Thursday, February 24, 2011

Strauss-Kahn opens the door to his candidacy as president of France

Managing Director International Monetary Fund (IMF), the French socialist Dominique Strauss-Kahn, "misses France" and "listen to his wife." What tells his wife, journalist Anne Sinclair? Simply, he does not want Strauss-Kahn has a second term as head of that agency to which the ambition and ability to work from her husband and the global financial crisis has been replaced as head of the global economy.

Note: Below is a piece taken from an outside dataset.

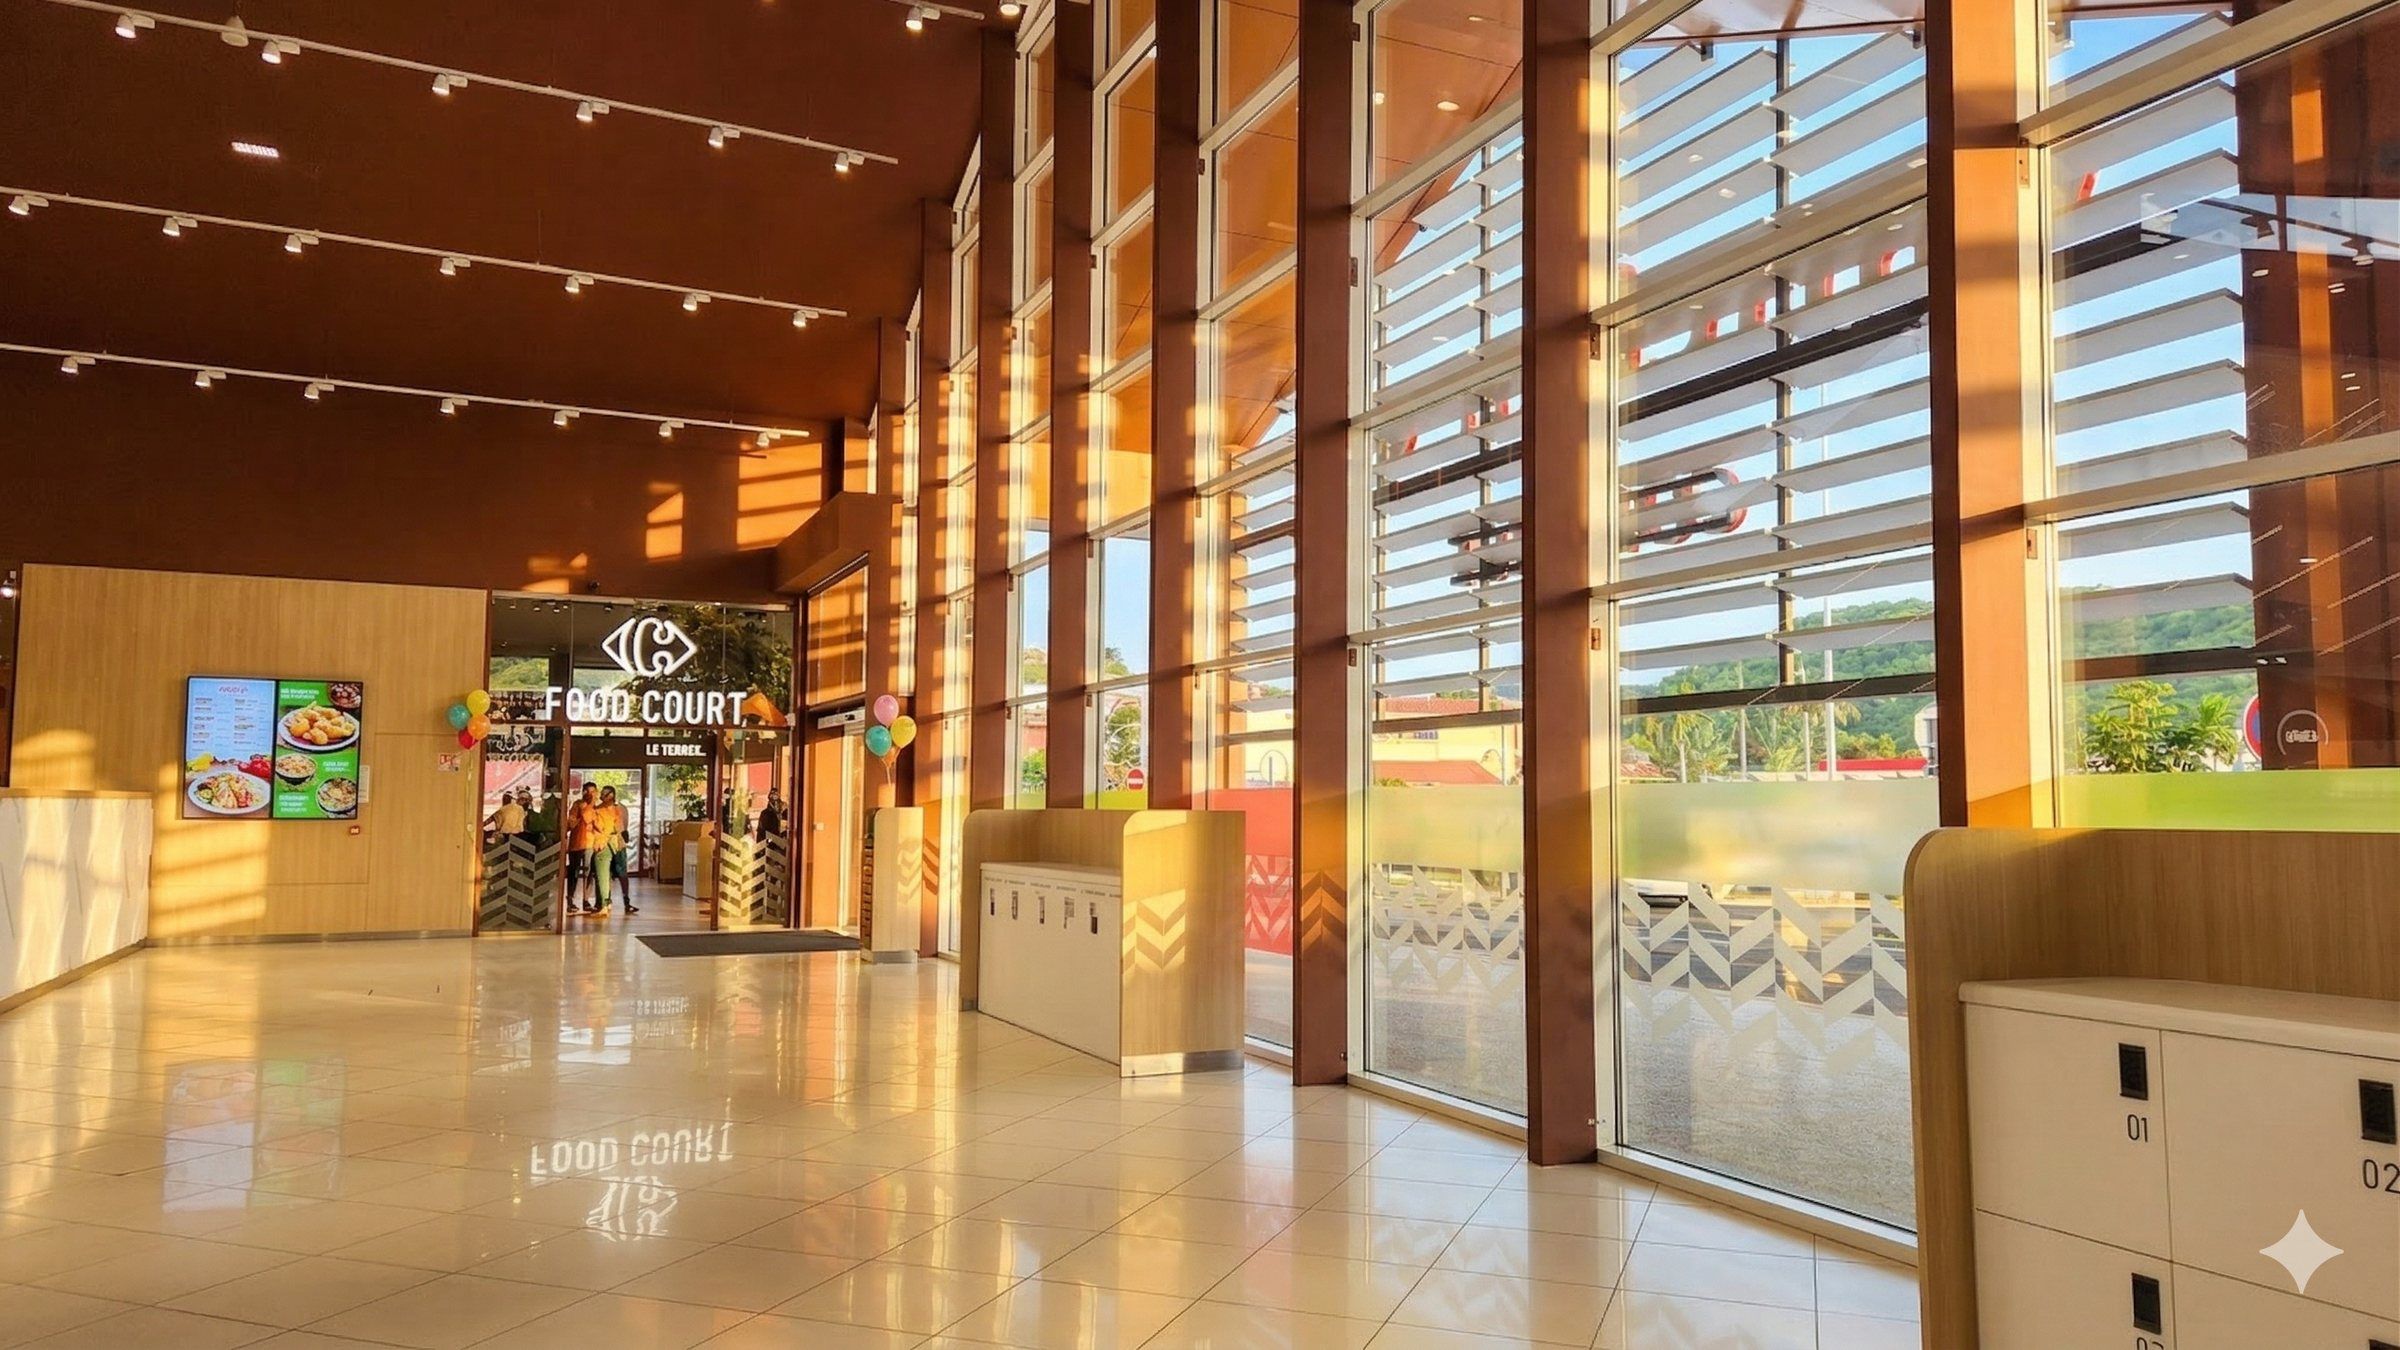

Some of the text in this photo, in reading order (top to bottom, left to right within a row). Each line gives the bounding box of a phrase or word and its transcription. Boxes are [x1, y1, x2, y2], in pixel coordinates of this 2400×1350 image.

[546, 686, 748, 726] FOOD COURT
[646, 744, 660, 756] LE
[2127, 1113, 2149, 1143] 01
[2362, 1158, 2400, 1194] 02

So Strauss-Kahn said on Sunday told the television gala Tele 2: "What she [Sinclair] says is very important to me. When I decided, or was considering, go to Washington, we talked. Whatever My plan for the future, your opinion will be important. " Which leaves an obvious choice for DSK, familiarly known as IMF managing director: Competing for the French presidency.

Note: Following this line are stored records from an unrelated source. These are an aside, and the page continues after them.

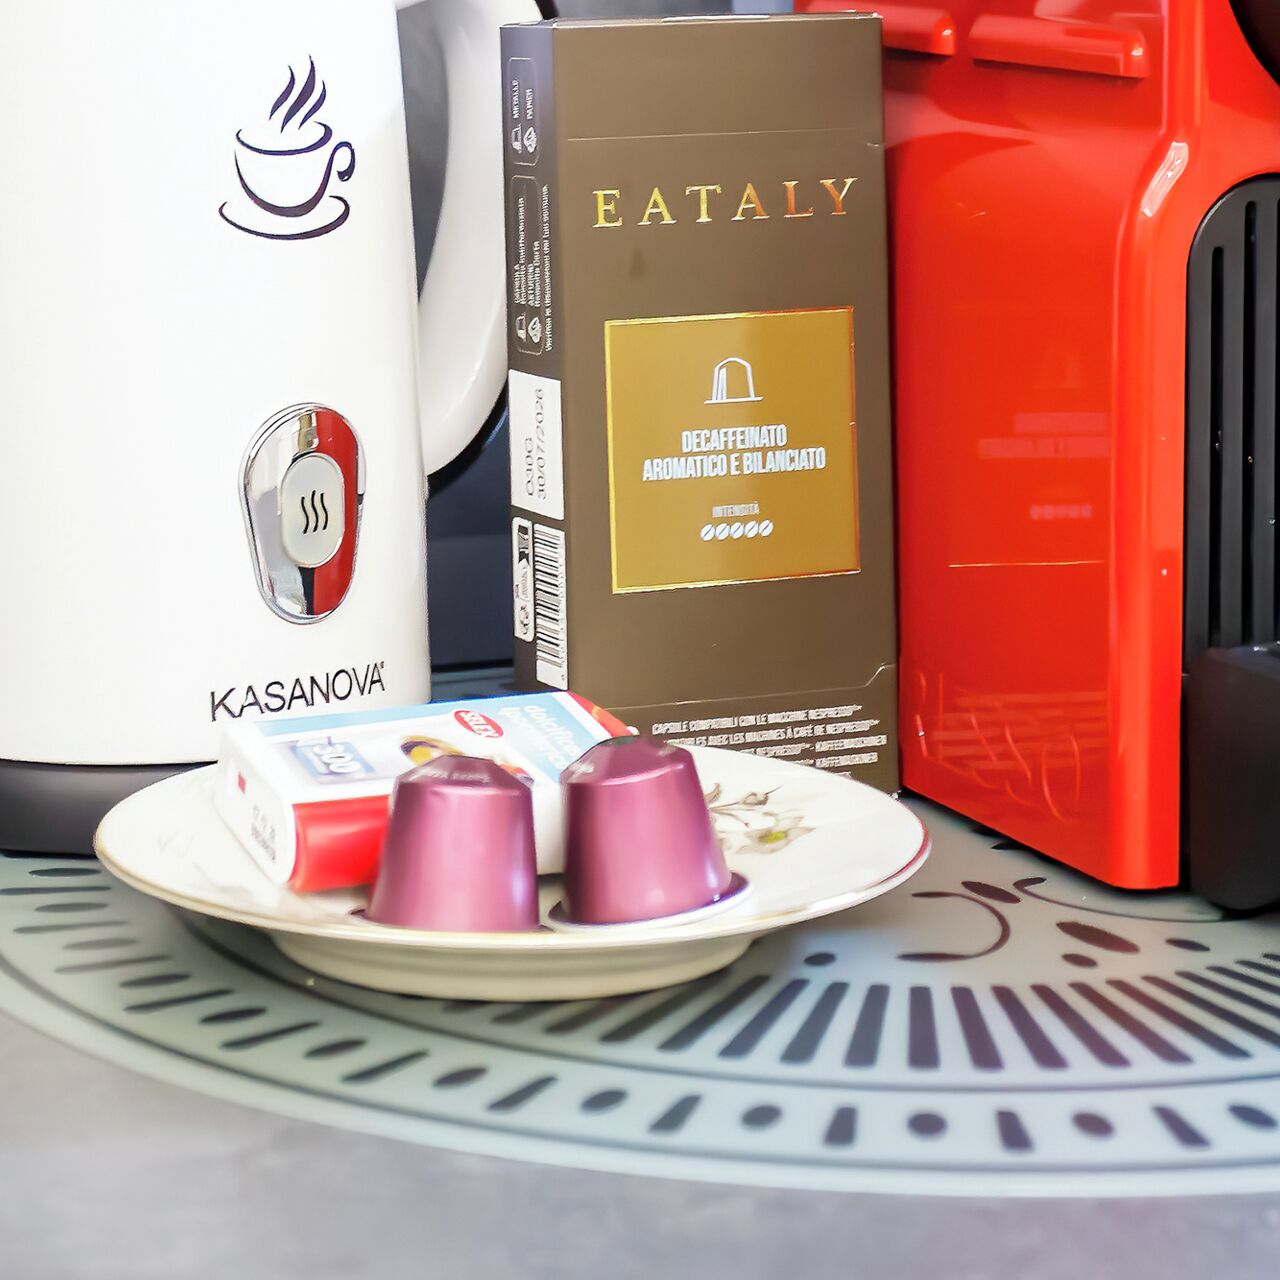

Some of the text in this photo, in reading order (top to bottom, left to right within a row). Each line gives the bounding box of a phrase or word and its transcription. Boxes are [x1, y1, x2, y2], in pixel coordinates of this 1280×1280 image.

[592, 177, 859, 228] EATALY
[681, 424, 787, 453] DECAFFEINATO
[642, 447, 826, 481] AROMATICO E BILANCIATO
[460, 710, 499, 738] SELEX
[756, 713, 767, 725] LE
[729, 732, 745, 744] LES

In 2012 France held elections, polls show, Strauss-Kahn has an advantage in voting intention between 22 and 24 votes from the current head of state Nicolas Sarkozy. The mandate of Strauss-Kahn at the IMF concluded in October of next year, several months after the presidential elections have been held galas.

DSK The main problem would be, paradoxically, to win the primaries of his own party. Strauss-Kahn is a leading representative of the centrist wing of the Socialist Party Gaul, and in 2007 was defeated in the most liberal by Ségolène Royal, which was then pulverized by Sarkozy. Strauss-Kahn, for example, has always had an icy attitude towards 35-hour workweek, paradoxically, had to put into practice as Economics Minister Lionel Jospin, in the nineties, and had been designed by Martine Aubry, the daughter of former European Commission president Jacques Delors.

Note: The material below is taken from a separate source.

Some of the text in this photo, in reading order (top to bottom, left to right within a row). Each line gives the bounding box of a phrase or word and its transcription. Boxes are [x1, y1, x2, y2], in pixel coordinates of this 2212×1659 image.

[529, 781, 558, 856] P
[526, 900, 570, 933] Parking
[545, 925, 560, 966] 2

DSK's candidacy has other potential dangers. One is its involvement in financial scandals of the French Socialist party in the nineties, a fact that forced him to resign the post of economy minister, but to which the Court acquitted him. Another is his only known penchant for extramarital affairs, a source of gossip in Washington who would write an encyclopedia.

In 2008, after which technically would qualify as "a one-night stand" with the IMF economist Piroska Nagy, DSK was the subject of an internal investigation of the institution that exempted him from any suspicion of corruption, favoritism or conflict of interest in the 'affair'. In any case, it seems to have extramarital affairs is an impediment to the presidency in France, judging from the cases of Mitterrand and Sarkozy.

Among the possible candidates to succeed Strauss-Kahn at the IMF is the CEO of the largest bond fund in the world, the Egyptian Mohamed El-Erian. To do this, however, European countries should abandon their obsession with the kind of leadership the Fund in return for which Americans have the World Bank presidency, "an agreement that reflects the global economic situation in the past 50 years century, but today, when emerging markets such as China, India and Brazil are taking a growing role in the global economy.